7.1 Overview

The tidyverse is a powerful collection of R packages that are actually data tools for transforming and visualizing data. Some core packages:

install.packages("tidyverse")
library(tidyverse)
glimpse(某个dataset)

7.2 The filter verb (过滤)

filter: extracts only particular observations from a dataset (筛选出满足条件的obs)

# gapminder是一个dataframe
# 筛选出「year是2007」并且「country是"United States"」的observations
gapminder %>%
	filter(year == 2007, country == "United States")

# 注意%in%的用法
selected_names <- babynames %>%
  # Filter for the names Steven, Thomas, and Matthew 
  filter(name %in% c("Steven", "Thomas", "Matthew"))
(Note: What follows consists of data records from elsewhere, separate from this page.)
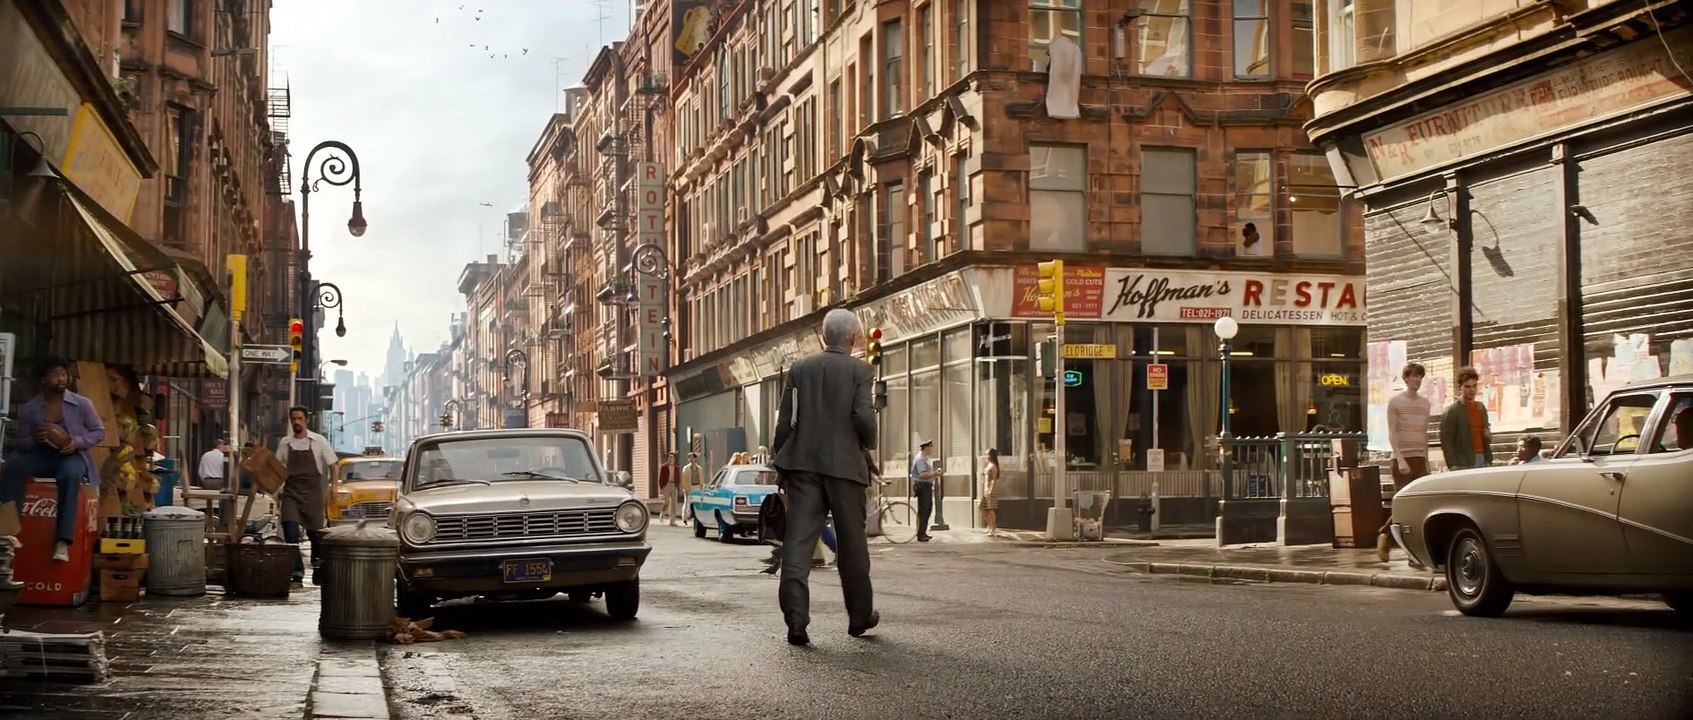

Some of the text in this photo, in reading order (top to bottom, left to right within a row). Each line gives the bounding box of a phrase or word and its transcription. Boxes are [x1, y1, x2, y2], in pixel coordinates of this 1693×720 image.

[645, 165, 659, 371] ROTTEIN
[1107, 274, 1231, 318] Hoffman's
[1243, 279, 1367, 309] RESTA
[1242, 310, 1323, 320] DELICATESSEN
[1331, 312, 1348, 320] HOT
[1065, 345, 1103, 357] ELDRIDGE
[1321, 374, 1347, 386] OPEN
[26, 582, 62, 591] COLD
%>% means “take whatever is before it and feed it into the next step”.

7.3 The arrange verb (排序)

arrange: sort with respect to some variables (对observations进行排序)

# 基于字段的升序排序
gapminder %>%
	arrange(gdpPercap)

# 基于字段的降序排序
gapminder %>%
	arrange(desc(gdpPercap))

# 先筛选出2007年的数据
# 然后基于gdpPercap降序排列
gapminder %>%
	filter(year == 2007) %>%
		arrange(desc(gdpPercap))

7.4 The mutate verb (修改)

mutate: add new variable / change existing variable (修改或增加字段)

# 修改:将pop列除以1000000
gapminder %>%
	mutate(pop = pop / 1000000)

# 新增:增加一列gdp,算法是用已有列gdpPercap和pop相乘
gapminder %>%
	mutate(gdp = gdpPercap * pop)

7.5 The select verb (选择)

select: extracts only particular variables from a dataset(截取一些列)